This invention related to optical sensor devices, such as charge coupled devices (CCDs), and in particular to a method of making an optical sensor device with one or more metallization layer(s) capable of withstanding high temperature treatment to improve quantum efficiency and reduce dark current.
As is well known in the art, charge coupled devices are used in a variety of optical applications and are the active component in video cameras. Such devices consist of an array of overlapping field effect transistors with a polysilicon contact layer formed over the gate, and over which is placed a pyroglass protective layer with contact openings so that an overlying metalization layer forming interconnects can make contact with the exposed polysilicon.
Typically, an aluminum alloy is used as the metalization layer in semiconductor devices. The problem with aluminum is that it will not withstand temperatures in excess of about 450xc2x0 C., whereas in order to reduce dark current, CCDs need to be annealed at temperatures considerably higher than this. In the prior art, it is known to replace aluminum by tungsten, but the problem with tungsten is that it forms under stress, which causes it to flake, and also it does not adhere well to N+ and P+ silicon contacts.
An object of the invention is to alleviate the afore-mentioned problems in the prior art.
According to the present invention there is provided a method of making an optical sensor device subject to a high temperature anneal, comprising the steps of providing a structure including transistors with active areas including a polysilicon gate contact layer; and forming an interconnect layer on said active areas by: (i) depositing a first titanium nitride sublayer on said active areas including said polysilicon gate contact layer; (ii) depositing on said first titanium nitride sublayer a plurality of alternating titanium and titanium nitride sublayers in a collimated sputtering chamber alternately in the absence and presence of nitrogen to Form a composite sandwich structure such that compressive and tensile stresses in said alternating titanium and titanium nitride sublayers substantially cancel out; and wherein said titanium nitride sublayers are deposited as stoichiometric layers.

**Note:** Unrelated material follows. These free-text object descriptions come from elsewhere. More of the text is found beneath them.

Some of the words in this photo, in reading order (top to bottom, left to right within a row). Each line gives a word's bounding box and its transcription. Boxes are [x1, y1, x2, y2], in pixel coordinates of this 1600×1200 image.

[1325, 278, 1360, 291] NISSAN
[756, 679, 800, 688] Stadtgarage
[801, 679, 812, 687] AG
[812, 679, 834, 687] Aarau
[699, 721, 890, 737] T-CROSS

The titanium nitride/titanium (TiN/Ti) sandwich structure is capable of withstanding the anneal temperatures required to reduce dark current. The titanium is in tensile stress and the TiN in compressive stress. By suitably depositing the layers, the stresses cancel out and thus eliminate the flaking problems experienced in the prior art.
The top layer of the sandwich structure is also preferably TiN since titanium oxidizes quickly, but it could be titanium.
The structure is also simple to form since it can be applied in a single sputtering chamber. To switch from Ti to TiN, it is merely necessary to turn on the supply of nitrogen.
The Ti/TiN is preferably deposited in a common collimated sputtering chamber. The collimator is located below the titanium target and reduces the titanium flux on the lower side of the collimator so that stochiometric TiN can be deposited on the wafer. With the collimator TiN having a bulk resistivity of 50 micro ohm cm. can be obtained.
The invention also provides an optical sensor device including an interconnect layer to contact active areas, wherein said interconnect layer comprises a first layer of titanium nitride layer on said active areas; and a plurality of alternating titanium and titanium nitride layers to form a composite sandwich structure.